すると、スウは魔法と剣術と護身術を彼女なりに研究していた。
(村の外でずっと鍛錬していたのか、すごいなあの年で僕より魔法の方は上なんじゃないかな? よし、少し話しかけてみよう)
スウside
スウは現在5歳である。
(ああ~僕のことを見ていてくれてますかチレイたん、今僕はストーカーにあっています。僕に発情するオスがいるのです。でも、たとえあの男が僕にナニしようとも僕の心はチレイたんに捧げ続けます、僕は例えあなたに嫌われようと愛し続けてしまうことをお許しください)

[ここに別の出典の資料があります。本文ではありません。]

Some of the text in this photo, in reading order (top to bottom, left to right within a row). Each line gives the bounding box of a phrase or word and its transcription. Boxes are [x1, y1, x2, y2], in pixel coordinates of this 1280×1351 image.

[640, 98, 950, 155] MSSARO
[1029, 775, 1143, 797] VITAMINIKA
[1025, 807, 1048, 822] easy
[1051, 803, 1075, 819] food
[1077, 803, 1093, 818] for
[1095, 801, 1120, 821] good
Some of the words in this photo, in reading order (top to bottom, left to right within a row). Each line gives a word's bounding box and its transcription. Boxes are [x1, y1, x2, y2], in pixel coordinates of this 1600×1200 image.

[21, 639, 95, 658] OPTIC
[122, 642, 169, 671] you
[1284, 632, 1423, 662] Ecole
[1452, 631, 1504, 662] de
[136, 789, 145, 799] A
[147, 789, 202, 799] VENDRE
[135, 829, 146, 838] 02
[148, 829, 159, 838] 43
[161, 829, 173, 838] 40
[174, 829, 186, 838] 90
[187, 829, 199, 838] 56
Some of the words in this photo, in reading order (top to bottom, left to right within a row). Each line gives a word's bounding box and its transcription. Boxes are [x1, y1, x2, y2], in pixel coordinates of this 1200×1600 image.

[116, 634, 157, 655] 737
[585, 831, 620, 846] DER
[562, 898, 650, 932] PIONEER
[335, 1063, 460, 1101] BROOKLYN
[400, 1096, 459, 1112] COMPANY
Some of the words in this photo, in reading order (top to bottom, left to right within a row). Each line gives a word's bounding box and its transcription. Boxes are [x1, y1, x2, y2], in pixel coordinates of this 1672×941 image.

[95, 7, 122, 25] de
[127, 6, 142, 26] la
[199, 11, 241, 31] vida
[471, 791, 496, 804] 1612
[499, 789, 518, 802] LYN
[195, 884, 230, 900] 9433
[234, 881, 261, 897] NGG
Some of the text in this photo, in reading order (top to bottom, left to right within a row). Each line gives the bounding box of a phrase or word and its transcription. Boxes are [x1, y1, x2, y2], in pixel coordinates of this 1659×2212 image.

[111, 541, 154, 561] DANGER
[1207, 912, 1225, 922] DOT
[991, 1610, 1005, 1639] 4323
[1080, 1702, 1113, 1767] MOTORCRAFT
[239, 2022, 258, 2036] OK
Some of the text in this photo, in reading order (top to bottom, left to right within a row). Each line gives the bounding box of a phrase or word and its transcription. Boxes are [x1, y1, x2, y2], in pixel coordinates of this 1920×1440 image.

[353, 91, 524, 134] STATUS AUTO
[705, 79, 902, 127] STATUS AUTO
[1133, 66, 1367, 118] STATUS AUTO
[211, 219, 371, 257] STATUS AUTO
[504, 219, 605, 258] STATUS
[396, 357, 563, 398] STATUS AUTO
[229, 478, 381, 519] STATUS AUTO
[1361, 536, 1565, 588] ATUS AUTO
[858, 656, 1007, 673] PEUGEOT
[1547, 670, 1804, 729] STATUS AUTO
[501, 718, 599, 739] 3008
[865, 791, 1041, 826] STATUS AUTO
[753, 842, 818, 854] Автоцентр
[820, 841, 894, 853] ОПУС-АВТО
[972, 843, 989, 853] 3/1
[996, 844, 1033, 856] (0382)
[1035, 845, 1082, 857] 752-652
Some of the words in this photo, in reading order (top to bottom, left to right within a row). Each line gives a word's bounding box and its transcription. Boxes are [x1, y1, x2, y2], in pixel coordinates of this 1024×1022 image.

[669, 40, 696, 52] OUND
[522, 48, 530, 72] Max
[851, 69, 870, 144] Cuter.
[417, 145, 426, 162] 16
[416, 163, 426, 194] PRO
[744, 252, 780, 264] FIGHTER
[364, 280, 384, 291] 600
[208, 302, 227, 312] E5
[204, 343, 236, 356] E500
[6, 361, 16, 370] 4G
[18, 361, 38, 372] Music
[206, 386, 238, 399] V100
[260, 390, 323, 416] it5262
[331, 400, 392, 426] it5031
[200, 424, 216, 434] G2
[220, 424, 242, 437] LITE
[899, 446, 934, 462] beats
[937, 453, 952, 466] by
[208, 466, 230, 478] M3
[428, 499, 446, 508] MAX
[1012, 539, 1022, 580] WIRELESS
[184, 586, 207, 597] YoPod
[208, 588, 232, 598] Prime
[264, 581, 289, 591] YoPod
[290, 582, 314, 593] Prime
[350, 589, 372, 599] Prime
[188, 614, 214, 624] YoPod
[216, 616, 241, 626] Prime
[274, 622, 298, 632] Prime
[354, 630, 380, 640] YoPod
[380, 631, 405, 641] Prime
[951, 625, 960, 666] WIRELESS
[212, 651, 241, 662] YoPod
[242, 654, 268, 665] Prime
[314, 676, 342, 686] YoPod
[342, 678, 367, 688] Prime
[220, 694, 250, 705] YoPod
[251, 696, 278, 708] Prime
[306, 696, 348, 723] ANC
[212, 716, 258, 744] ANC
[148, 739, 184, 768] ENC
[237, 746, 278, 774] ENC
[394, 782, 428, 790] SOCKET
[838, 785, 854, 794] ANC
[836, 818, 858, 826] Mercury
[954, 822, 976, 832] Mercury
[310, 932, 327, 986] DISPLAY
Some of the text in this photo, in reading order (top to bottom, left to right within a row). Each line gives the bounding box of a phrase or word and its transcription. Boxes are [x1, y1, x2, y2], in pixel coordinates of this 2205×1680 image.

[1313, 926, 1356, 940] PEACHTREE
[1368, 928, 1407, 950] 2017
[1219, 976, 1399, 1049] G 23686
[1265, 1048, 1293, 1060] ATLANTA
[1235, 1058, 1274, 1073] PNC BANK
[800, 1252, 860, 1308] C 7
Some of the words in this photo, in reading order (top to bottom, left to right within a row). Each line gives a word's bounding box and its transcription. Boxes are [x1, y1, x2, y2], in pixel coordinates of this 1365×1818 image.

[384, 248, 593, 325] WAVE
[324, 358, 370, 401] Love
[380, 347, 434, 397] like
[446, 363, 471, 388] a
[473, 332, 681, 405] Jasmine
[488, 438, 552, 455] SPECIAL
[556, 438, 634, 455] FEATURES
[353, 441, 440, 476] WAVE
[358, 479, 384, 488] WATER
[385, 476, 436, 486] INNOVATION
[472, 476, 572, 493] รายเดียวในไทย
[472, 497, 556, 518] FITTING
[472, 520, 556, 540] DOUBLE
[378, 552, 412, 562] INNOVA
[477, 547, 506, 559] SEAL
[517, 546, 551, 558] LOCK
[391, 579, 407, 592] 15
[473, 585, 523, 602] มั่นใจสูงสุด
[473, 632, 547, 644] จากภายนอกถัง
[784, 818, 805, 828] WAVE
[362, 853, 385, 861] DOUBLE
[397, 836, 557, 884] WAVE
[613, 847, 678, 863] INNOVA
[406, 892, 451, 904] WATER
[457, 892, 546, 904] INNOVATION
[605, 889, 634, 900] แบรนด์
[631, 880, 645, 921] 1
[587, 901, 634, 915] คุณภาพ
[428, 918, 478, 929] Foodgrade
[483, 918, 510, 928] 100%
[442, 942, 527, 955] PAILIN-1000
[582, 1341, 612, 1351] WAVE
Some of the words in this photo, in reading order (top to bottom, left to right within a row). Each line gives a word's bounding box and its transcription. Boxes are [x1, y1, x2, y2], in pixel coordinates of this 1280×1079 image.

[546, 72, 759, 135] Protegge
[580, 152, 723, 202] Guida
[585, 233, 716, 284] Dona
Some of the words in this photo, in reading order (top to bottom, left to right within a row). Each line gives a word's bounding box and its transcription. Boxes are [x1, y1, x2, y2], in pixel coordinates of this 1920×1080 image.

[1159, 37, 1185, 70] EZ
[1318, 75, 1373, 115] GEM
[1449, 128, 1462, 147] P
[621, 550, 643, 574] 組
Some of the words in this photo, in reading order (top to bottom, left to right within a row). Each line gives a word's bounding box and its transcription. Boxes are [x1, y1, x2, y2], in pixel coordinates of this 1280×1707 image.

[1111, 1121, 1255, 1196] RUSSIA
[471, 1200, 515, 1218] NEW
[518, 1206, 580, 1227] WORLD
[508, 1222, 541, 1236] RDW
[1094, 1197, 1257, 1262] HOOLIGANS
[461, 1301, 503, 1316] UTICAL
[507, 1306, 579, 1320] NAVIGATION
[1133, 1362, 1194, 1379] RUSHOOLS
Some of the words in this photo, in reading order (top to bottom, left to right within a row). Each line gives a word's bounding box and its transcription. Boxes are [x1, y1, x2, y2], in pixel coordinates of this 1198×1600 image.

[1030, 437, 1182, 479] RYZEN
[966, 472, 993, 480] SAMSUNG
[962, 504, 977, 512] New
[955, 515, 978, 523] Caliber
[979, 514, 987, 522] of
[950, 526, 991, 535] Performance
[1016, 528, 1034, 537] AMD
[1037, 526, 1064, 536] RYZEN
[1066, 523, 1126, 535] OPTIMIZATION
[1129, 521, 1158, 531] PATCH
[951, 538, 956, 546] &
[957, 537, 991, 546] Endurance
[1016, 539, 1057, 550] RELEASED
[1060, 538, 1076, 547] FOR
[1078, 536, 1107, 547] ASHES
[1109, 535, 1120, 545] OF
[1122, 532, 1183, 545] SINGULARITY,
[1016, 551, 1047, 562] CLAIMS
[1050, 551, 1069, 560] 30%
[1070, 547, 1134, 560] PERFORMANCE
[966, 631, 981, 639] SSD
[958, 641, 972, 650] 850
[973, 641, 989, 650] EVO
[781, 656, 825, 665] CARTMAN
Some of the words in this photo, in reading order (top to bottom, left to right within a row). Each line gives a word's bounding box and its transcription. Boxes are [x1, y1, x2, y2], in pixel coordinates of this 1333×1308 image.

そうチレイたんに崇拝を捧げながら男のいやらしい視線を無視して鍛錬を続けていた。
(僕は、あなたを絶対に神様だと証明してみます。そのために僕は努力をやめません、何があっても、絶対に、絶対に!)
その思いを捨てずにスウはずっと努力をし続けていた。
すると、
「君、ちょっといいかな?」
さっきまでストーカーをしていた男が話しかけてきた。
「はい、何でしょうか? 僕は今忙しいので出来たら手短にお願いしますね」
スウはいきなり話しかけられたが普通に答えた。
「いや、さっきから君のことを見ていたんだが」
「ああ、さっきから僕のことをいやらしい目で見ていたことですか、別に気にしてはいませんので次からしないようにしてくださいね」
「いや、別にいやらしい目で見てないんだが!」
「そうですか、僕の勘違いですか、申し訳ありません」
自分の勘違いに気づきすぐに謝罪した。
「いや、分かってくれてありがとう、でもすごいね魔法をそんなに使いこなせるなんて、びっくりしたよ」
「まあ、赤ちゃんの頃から無意識に使ってたみたいだし」
「!? 赤ちゃんの頃から! それはウソだろ!」
「お婆様は、それを見ていたらしいですよ、まあ意識して使ったのは1歳の頃からかな」
ギルーツは唖然とした。
(まあ、本当は赤ちゃんの頃から意識して使っていたが、前世の記憶があることは一応黙っておくか、チレイたん私は嘘をつき罪を犯します、それでもあなたへの愛はやめませんので)
そう思うとギルーツは
「そうだ、僕と組み手をしてみなか? 護身術や剣術も鍛錬していたみたいだし相手がいる方が分かりやすいと思うよ、どうかな?」
「おや、女に暴力とは面白い趣味ですね」
「いや、そういう意味では」
ギルーツは慌てて言った。
「冗談ですよ、本気にしないでください」
「ごっごめん、取り敢えず君の実力に少し興味が湧いてね、それに一緒に練習したらお互いライバルが出来てより強くなると思うよ」
それを聞いて
「まるで少年マンガみたいなことを言うのですね」
「? 少年マンガ?」
ギルーツはキョトンとした。
「いえ、こっちの話です、いいですよ勝負ですね、これで私も夢に近づけると言うわけですね」
「夢……か、分かった、じゃあ始めようか」
「はい」
そう言って二人は向かい合った。